Gamification started in 1895 when S&H Green Stamps sold stamps to retailers who used them to reward customers for their loyalty. Since then, many companies have used gamification internally or externally. Today we are sharing three real examples of how companies engaged and motivated their customers, teams, etc.
Chiquita Brands
The first case study is Chiquita Brands.
Everyone knows Chiquita for bananas, but Chiquita Brands is a consumer food products supplier for fresh and processed fruit and vegetable products. Partnered with Twentieth Century Fox to promote the animation movie Rio, they used gamification to drive consumer engagement. The concept was to create a marketing campaign designed to engage customers of a consumer’s package goods brand and build a relationship with them. In terms of business goals, Chiquita wanted to increase brand awareness, favourability, and interest in their products. Therefore, with the marketing agency MediaMarketing, Chiquita built the “Make Your Way to Rio” website. According to Scoot Facheux, North America consumer marketing manager at Chiquita Brands the website was “an engaging online playground for our Chiquita Banana consumer where the whole family could share in the fun of Chiquita-branded products, the film Rio and win great prizes including tasty Chiquita bananas and other nutritious products“. Consumers who signed onto the site received a virtual passport which they could fill up with banana sticker “badges” by accomplishing goals throughout the site, including watching movie clips, sharing recipes, playing games, and reviewing product information (Paharia, 2013). With specific game mechanics like fast feedback, transparency, goals, badges, collaboration, community, and points, Chiquita Brands managed to collect data like user activity, content preferences, product preferences, social-media sharing. Through gamification, Chiquita increased engagement, page views, visits, and additional customers and customer data in the marketing database.
Warner Bros.
Movie studios have always had a problem building a direct relationship with consumers. To connect the company directly with its consumers and rewarding consumers for watching and buying the studio´s products, Warner Bros. launched Insider Rewards, a loyalty program. The Warner Bros. Insider Rewards loyalty program had two currencies you could earn. Points were earned for purchases – buying DVDs, movie tickets, digital downloads, and so on. Points could be redeemed for more of the same kinds of dollar-value items.
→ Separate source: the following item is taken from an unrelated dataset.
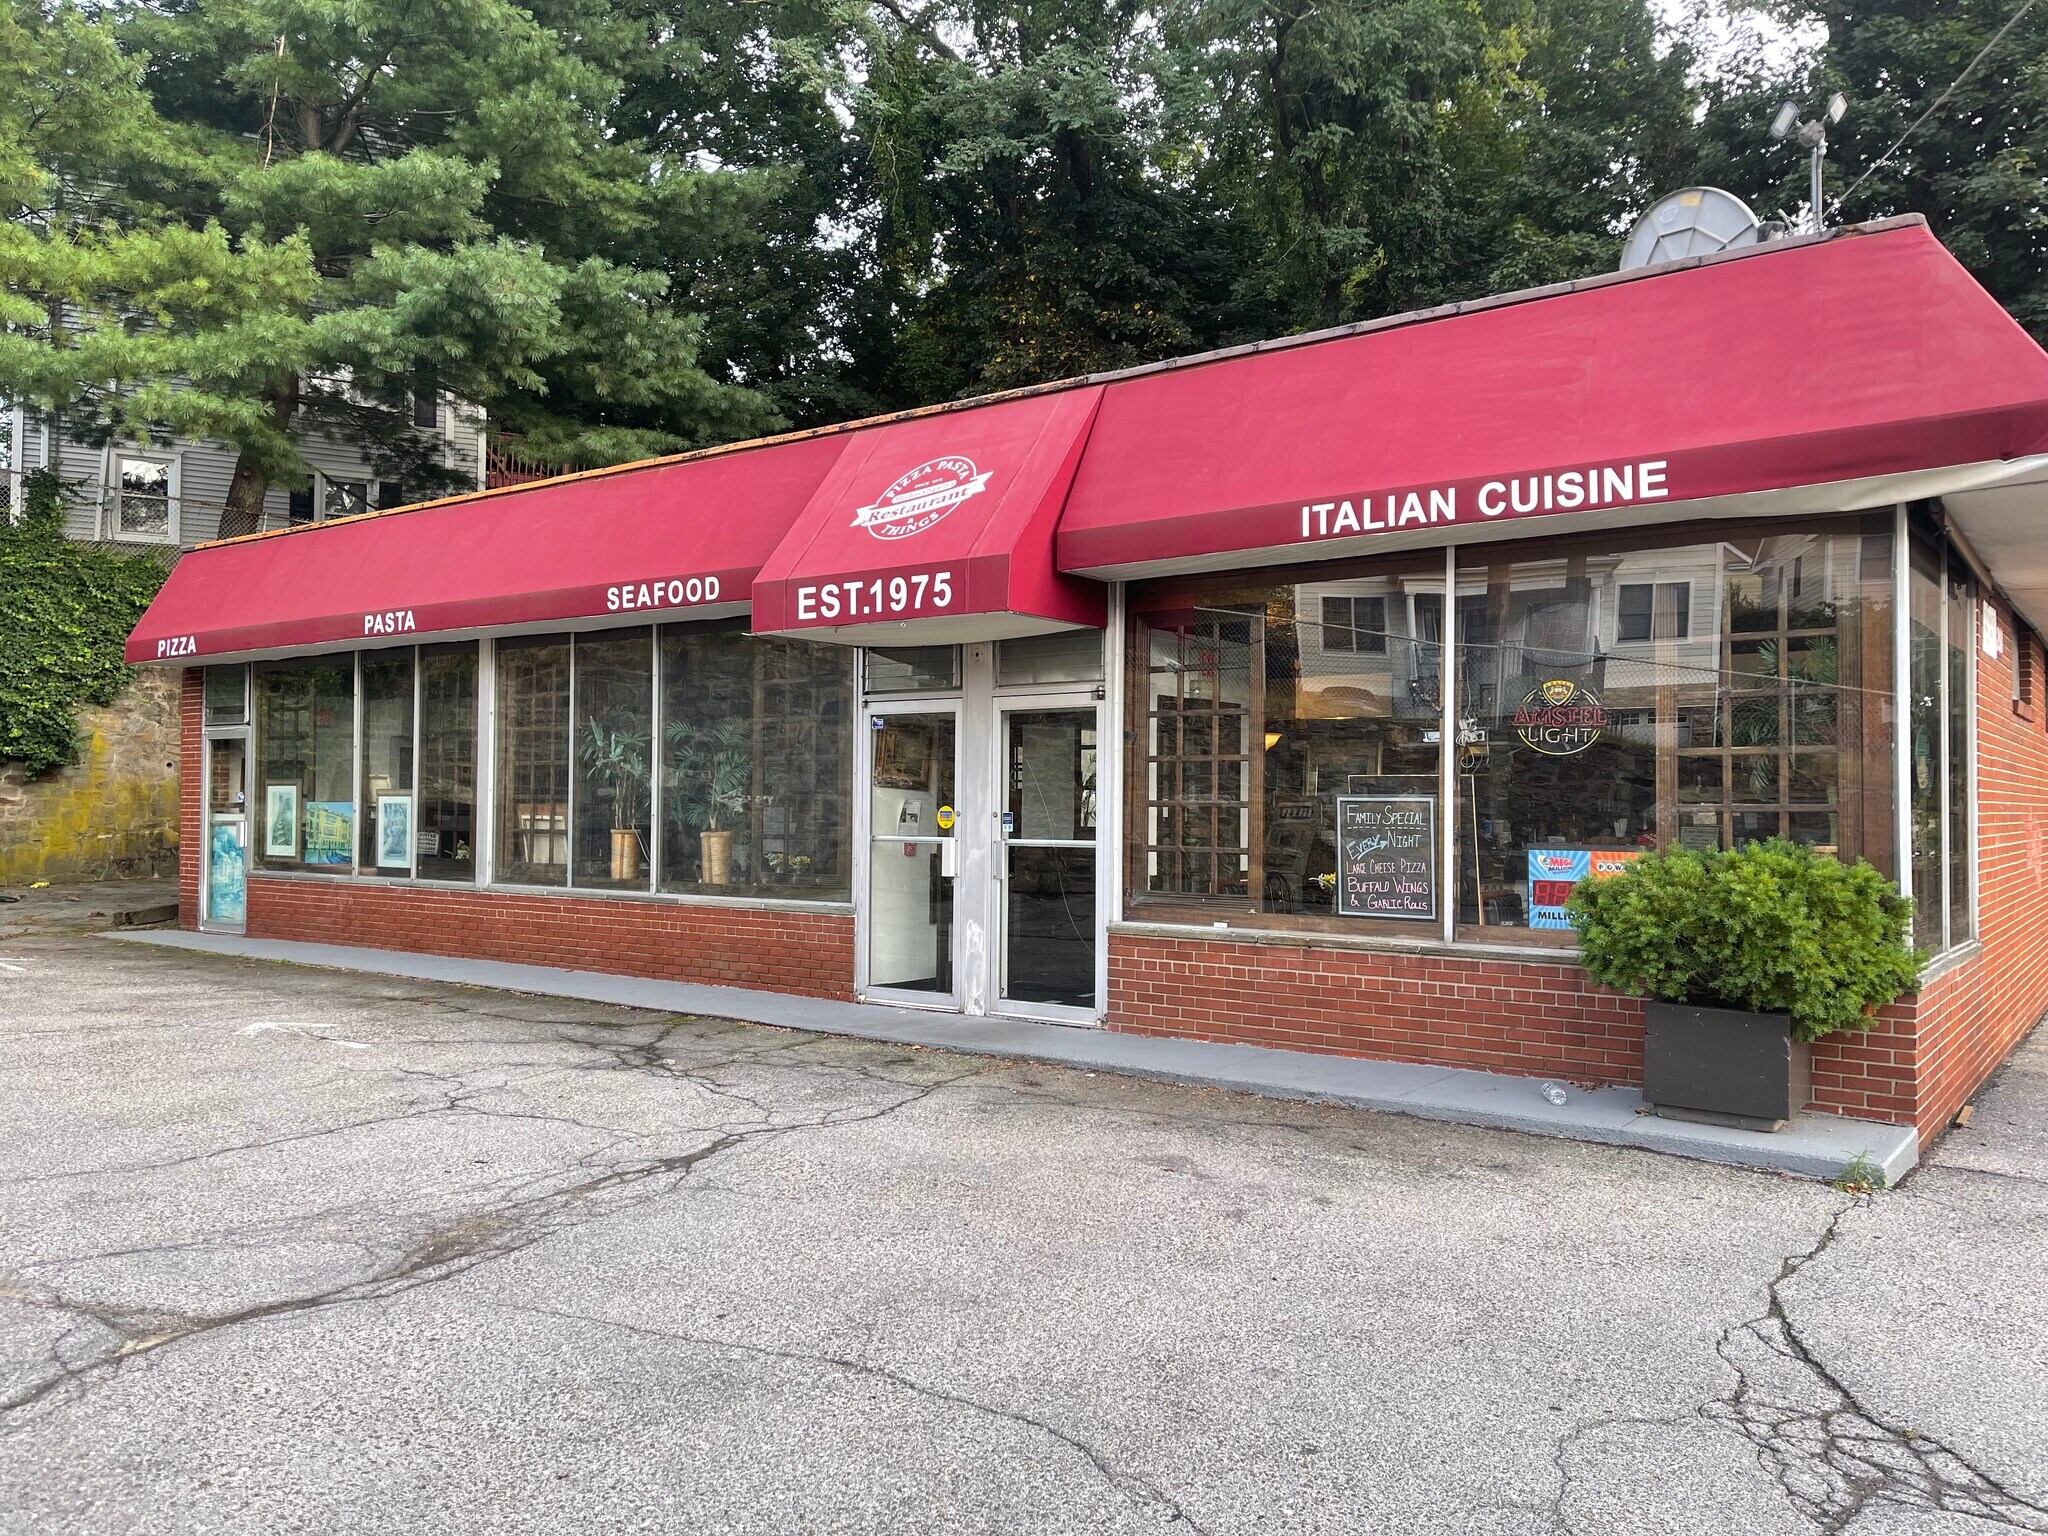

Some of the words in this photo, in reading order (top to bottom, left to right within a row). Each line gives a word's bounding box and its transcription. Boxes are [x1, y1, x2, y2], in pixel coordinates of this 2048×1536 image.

But the company also added a second currency called Credits, which were earned for visiting movie sites, playing games, sharing to social networks, and so on (Paharia, 2013). With specific gamification mechanics like fast feedback, transparency, levelling up and points, Warner Bros. managed to get customers to buy more. Drive brand engagement and affinity with Warner Bros. as well as the individual movie properties. Increase viral sharing and audience growth. Develop deeper customer intimacy and knowledge. Through gamification, Warner Bros. increased engagement, page views, visits, and additional customers and customer data in the marketing database.
Salesforce
Salesforce is a customer relationship management solution that brings companies and customers together. Sometimes it is difficult to engage and motivate employees. In this case, Salesforce needed an automated, scalable way to motivate salespeople to want to adopt SFA (salesforce automation) systems, keep data quality high, and drive ongoing use. To address this situation, an application, called Nitro was built for Salesforce. It consumes the user-activity data that salesforce.com generate, while sales professionals are using it and use that data to motivate “good” behaviour. Salespeople earn points for closing deals, advancing opportunities, hitting their quota early, collaborating, maintaining good data quality, following approved sales processes, and any other behaviour that the sales manager wants to drive. They can then spend those points in a reward store for tangible or intangible rewards at the discretion of the sales manager. And as they hit various point thresholds, they level up and earn even more points as well as access to new goals (Paharia, 2013). With specific gamification mechanics like fast feedback, transparency, goals, badges, levelling up, onboarding, competition, collaboration, community and points, Salesforce was able to improve their competitive advantage from better sales insights and performance. Through gamification, Salesforce increased adoption and use of sales force automation tools, increased average deal size, lead closure rates, data quality, annual revenue and decreased average sales cycle and rep time-to-productivity.
As you could see, gamification can engage, motivate and reward loyal customers or employees. Gamification can do wonderful things in a corporate environment and can be a great platform to engage customers too. With specific game mechanics, gamification motivates customers to buy more and employees to be more productive, and happy.